DIRECTIONS
Find the line with "this 1440×1920 image." in the records below. Output exactly from there until after the line with "Some of the words", without pictures.
** Opening SUPPLIED DATA block **
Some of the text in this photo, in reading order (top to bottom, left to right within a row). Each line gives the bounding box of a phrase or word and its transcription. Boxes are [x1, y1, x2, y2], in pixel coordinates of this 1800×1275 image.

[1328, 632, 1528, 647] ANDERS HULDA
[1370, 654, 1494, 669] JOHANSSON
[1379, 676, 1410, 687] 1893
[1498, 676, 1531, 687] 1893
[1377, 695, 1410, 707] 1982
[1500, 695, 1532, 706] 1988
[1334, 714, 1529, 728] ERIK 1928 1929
** Closing SUPPLIED DATA block **
** Opening SUPPLIED DATA block **
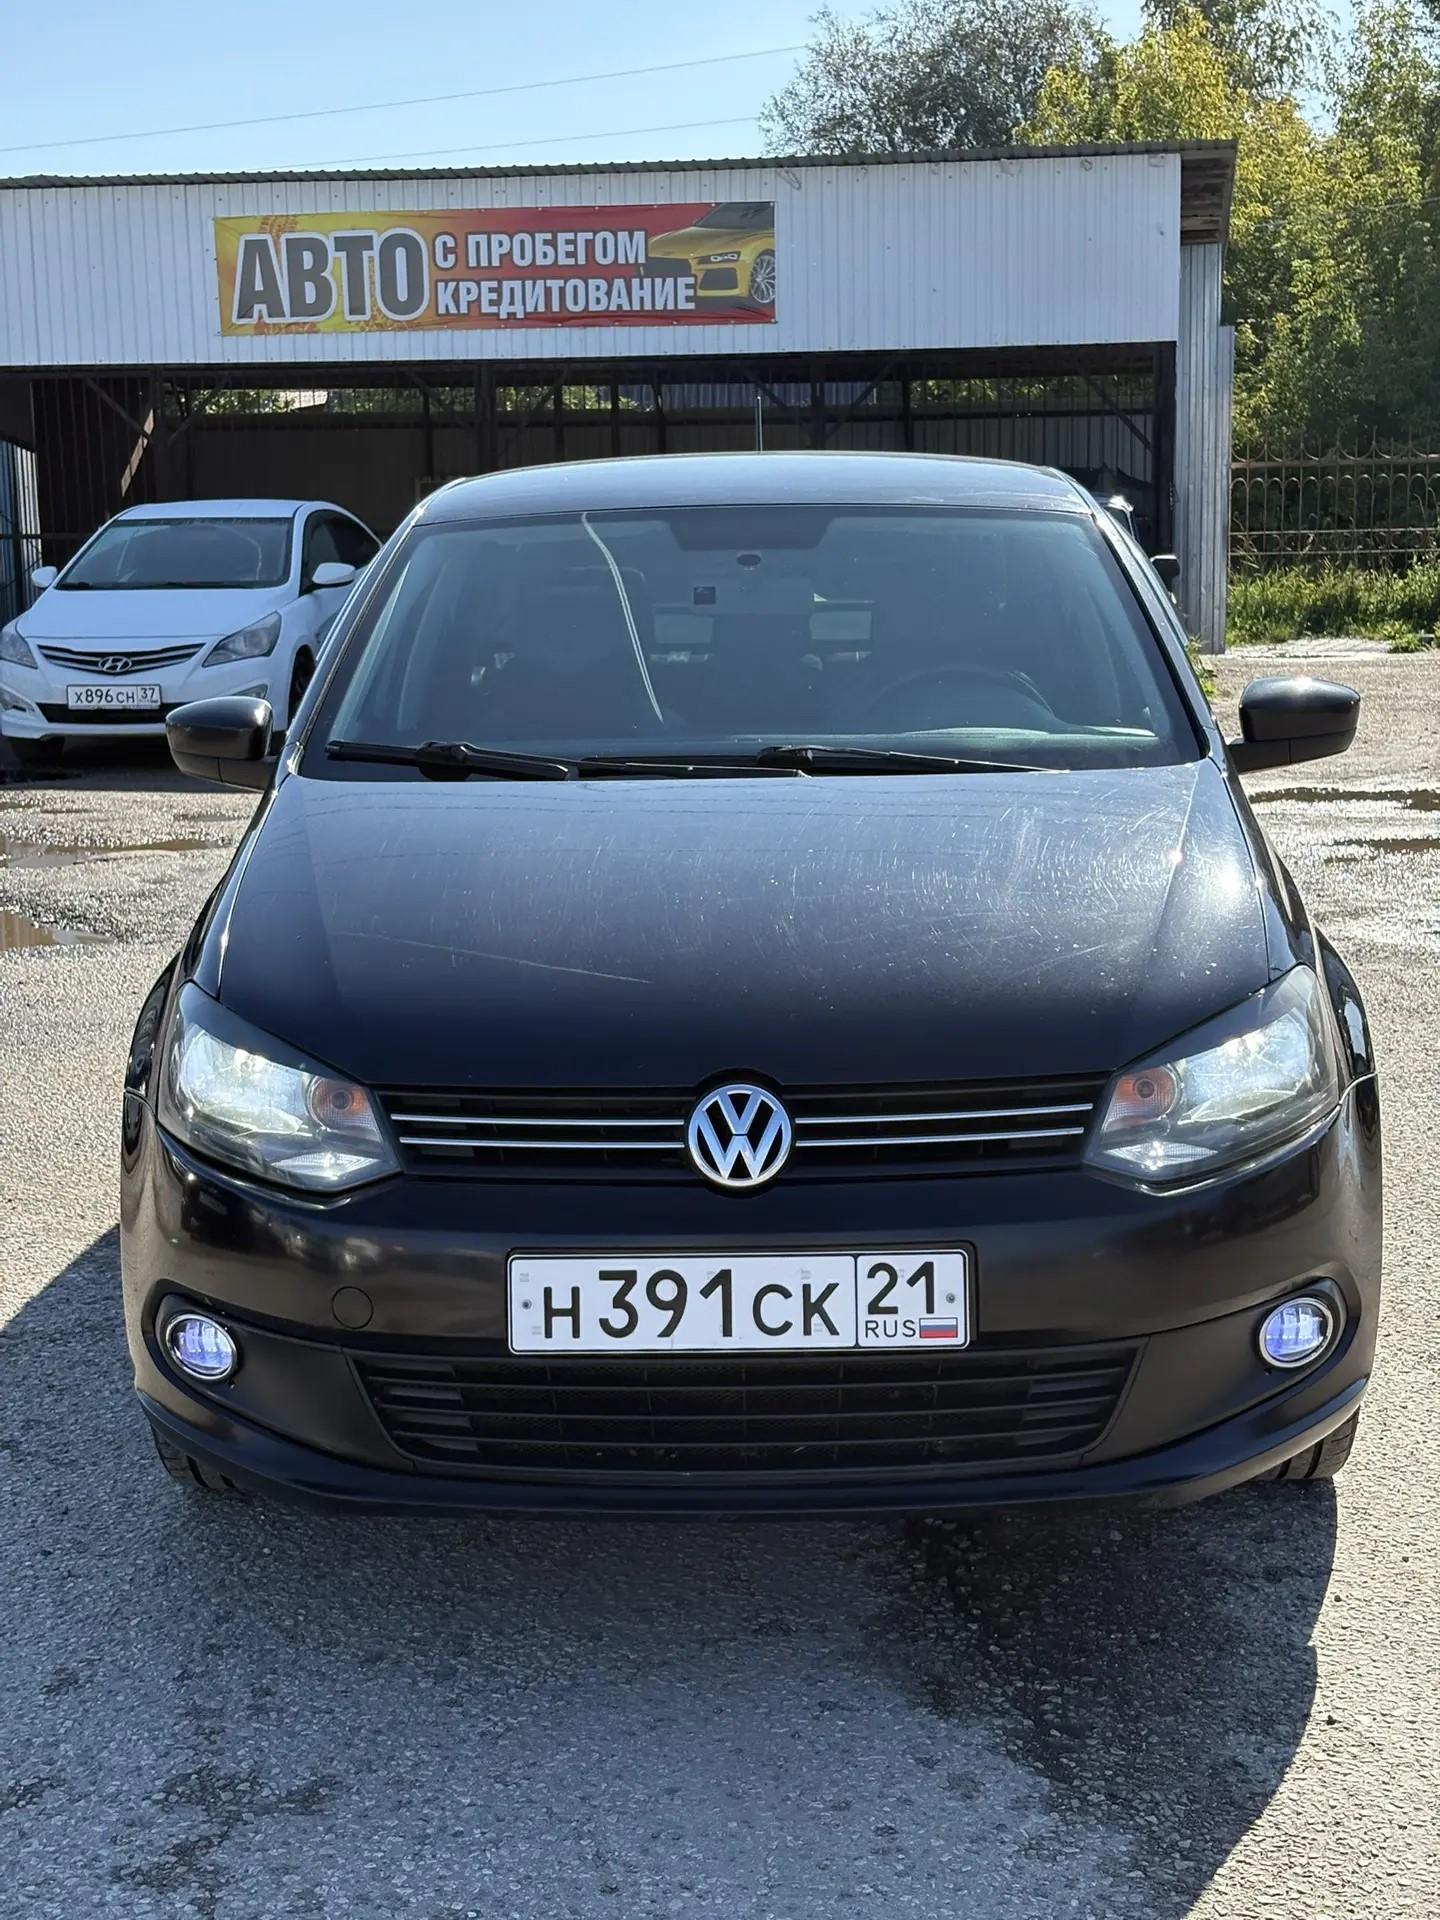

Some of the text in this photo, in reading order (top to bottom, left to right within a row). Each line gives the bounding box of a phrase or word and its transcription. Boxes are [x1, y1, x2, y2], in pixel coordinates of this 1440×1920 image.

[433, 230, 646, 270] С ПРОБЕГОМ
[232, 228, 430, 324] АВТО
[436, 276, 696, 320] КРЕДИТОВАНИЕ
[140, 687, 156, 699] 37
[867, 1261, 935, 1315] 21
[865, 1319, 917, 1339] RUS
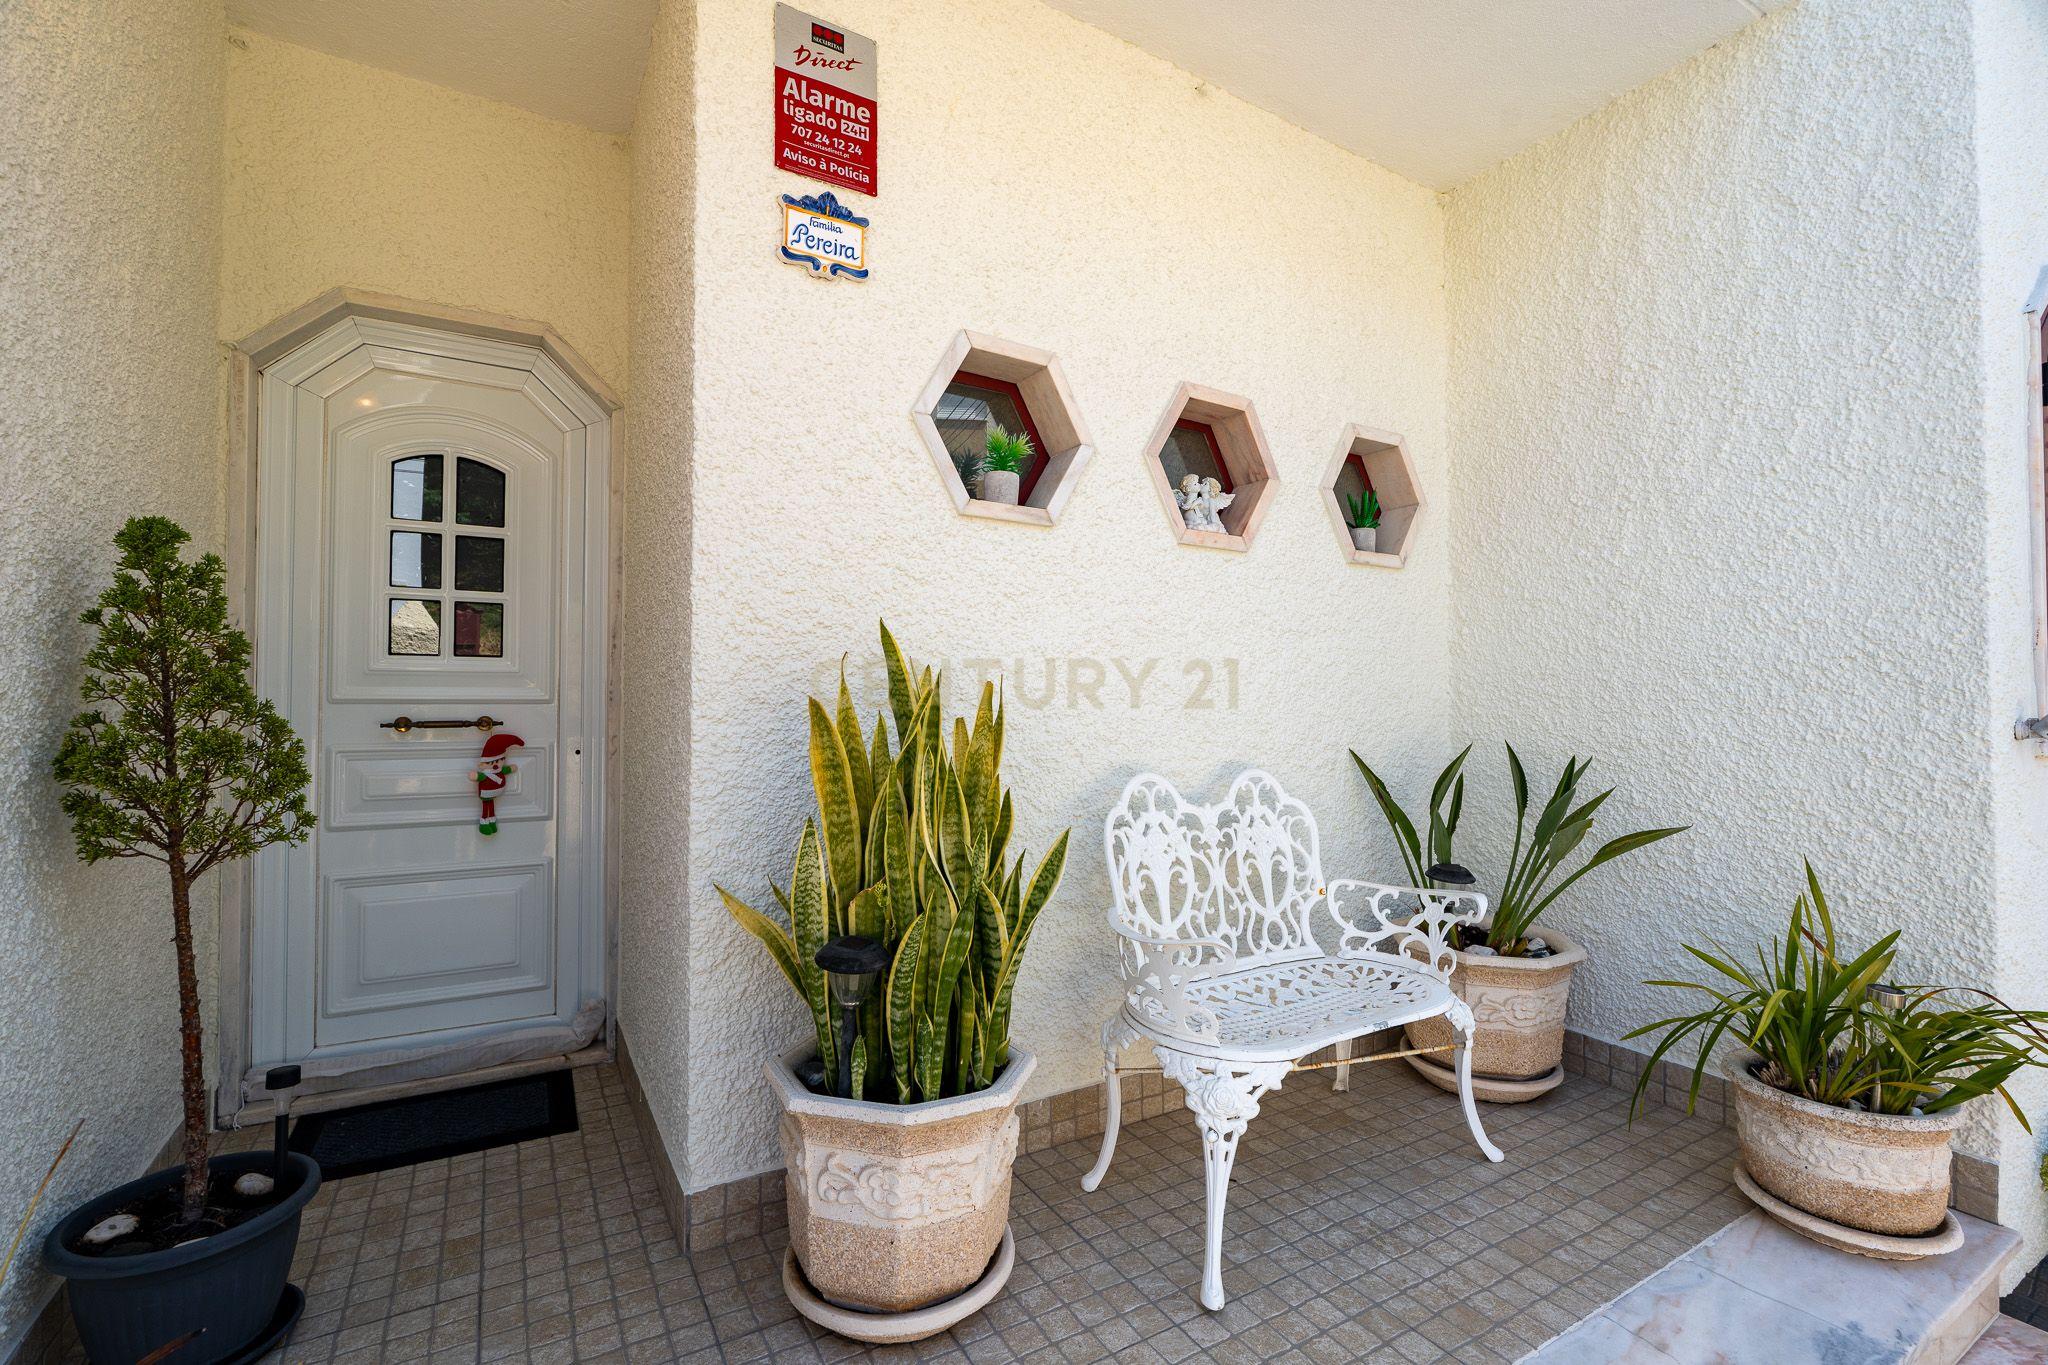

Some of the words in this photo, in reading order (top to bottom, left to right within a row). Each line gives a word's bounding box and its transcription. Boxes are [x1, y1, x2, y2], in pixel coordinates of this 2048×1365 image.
** Closing SUPPLIED DATA block **
RESULT OF THE EXERCISE
Some of the text in this photo, in reading order (top to bottom, left to right within a row). Each line gives the bounding box of a phrase or word and its transcription. Boxes are [x1, y1, x2, y2], in pixel coordinates of this 1440×1920 image.

[433, 230, 646, 270] С ПРОБЕГОМ
[232, 228, 430, 324] АВТО
[436, 276, 696, 320] КРЕДИТОВАНИЕ
[140, 687, 156, 699] 37
[867, 1261, 935, 1315] 21
[865, 1319, 917, 1339] RUS

Some of the words in this photo, in reading order (top to bottom, left to right within a row). Each line gives a word's bounding box and its transcription. Boxes are [x1, y1, x2, y2], in pixel coordinates of this 2048×1365 image.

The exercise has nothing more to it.